Someone complimented Rod on the brandy, sotto voce. Someone coughed loudly, and Spoon picked up where he’d left off, but with a lighter tone in his voice. ‘We’re both working-class boys made good, Lawrence. We’ve given away millions. Simple charity. Almost effortless. Sign a cheque and salve your conscience. It’s almost too easy. This . . . this is a project that takes us back to our roots. It’s a real chance to do something for a whole community.’
‘I see. And you want me to write something about this?’
‘I would be only too happy if you did, but no. Maurice was right when he said this is less the creating of a story than the correcting of one.’
‘I’m sorry,’ Lawrence lied, like Troy. ‘I don’t quite follow.’
Maurice took over. ‘You can hardly have missed the rumours about gangland villainy. It’s been in all the papers.’
‘All the papers except yours,’ said Rod, and Troy wondered about the curious path of genes: that his own father could have produced an eldest son capable of such stupidity, of such gaffe-making, foot-in-gob stupidity.
Lawrence said nothing, forcing Maurice to spell it ou
t.
‘All those rumours concern two brothers called Lorcan and Patrick Ryan. They’re Danny Ryan’s younger brothers. They run several businesses out of Watney Market, and the rumour about them owning a nightclub up West is also true. Danny’s done very well since the war and so have his brothers. They’re partners in this project too.’
‘All of them? Danny too?’
‘No, not Danny.’
‘I see. And what is it you want me to do?’
‘We want you to print the truth.’
‘I always print the truth.’
Spoon again: ‘We came to you because you alone of the Fleet Street editors have chosen not to repeat these groundless rumours.’
‘Groundless? Perhaps. But if you ask me to refute I will inevitably have to repeat in order to refute. I cannot deny what I do not know to be false.’
‘Trust me,’ Maurice ventured. ‘It’s all lies.’
‘You know, Maurice, when someone says, “Trust me,” my journalist’s hackles rise.’

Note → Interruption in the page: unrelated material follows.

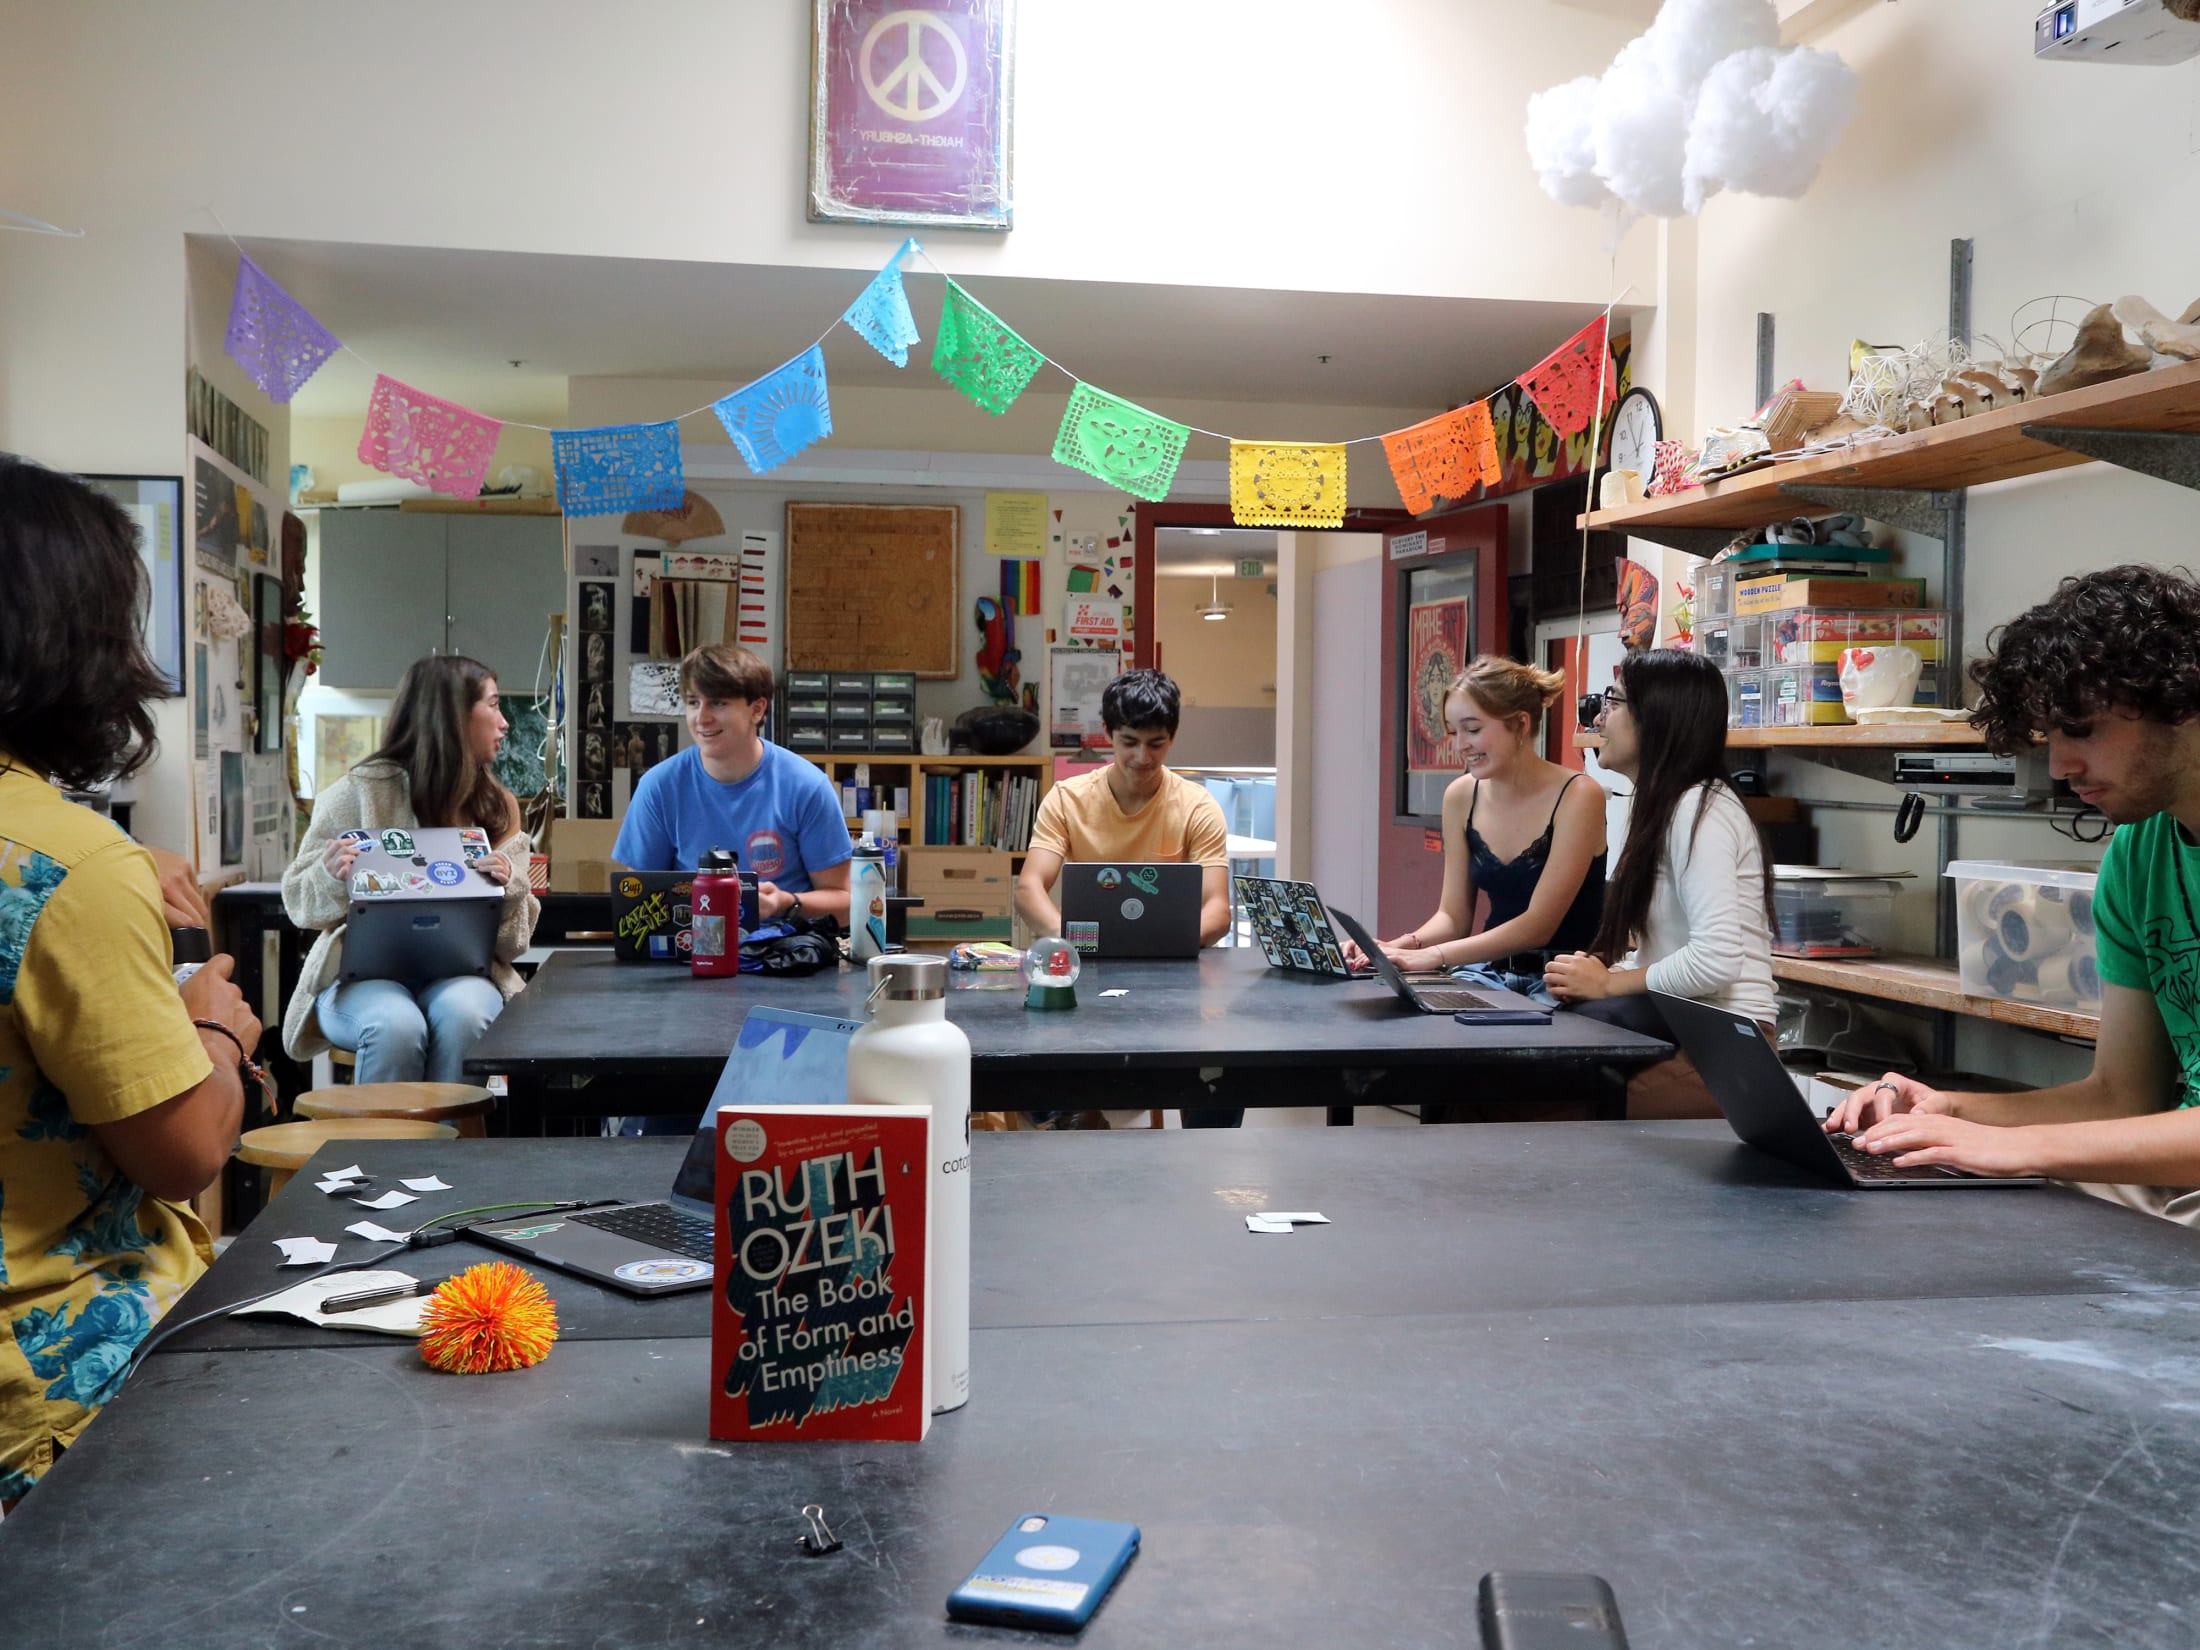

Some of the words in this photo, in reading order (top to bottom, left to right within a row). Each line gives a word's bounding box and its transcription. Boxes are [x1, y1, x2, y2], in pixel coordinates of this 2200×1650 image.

‘Lawrence, all the stories are bollocks. I know these people. I grew up among them. It’s a case of give a dog a bad name. You come from a place like Watney Market and trouble comes looking for you the minute you set foot out of the door. You don’t need to be bad: bad is the condition of living. I have a juvenile record meself, but I made good. And I can tell you now, the Ryan twins have no worse a record than I do. We’ve all been there. What I’ve seen in the papers in the last few weeks is a refusal to let working-class kids grow up and clean up. I don’t wholly blame the press for that. I blame the police, who seem to want to pin everything that goes down in East London on them. The truth is, there’s something in our society that cannot bear to see a kid from the slums make good, something that will always rake up their background and use it against them. That’s why we’re Labour. All of us, you, me, Rod and Ted. Because we don’t believe a man is damned by his beginnings. We believe in making good, we believe in equality and we believe in meritocracy. We take the Ryans on their merits. In a project like this we need local knowledge. Men who can speak for the community. Without the Ryans we’ve got a project, that I can’t deny, but without them it doesn’t connect to the lives of the people in that community. If we don’t get that local involvement then we might as well be a company from America or Germany just steaming in, knocking down and building up. Bricks and mortar, sure, but the life wouldn’t be there. We need these men. We need men like these men. Put simply, they’re being slandered.’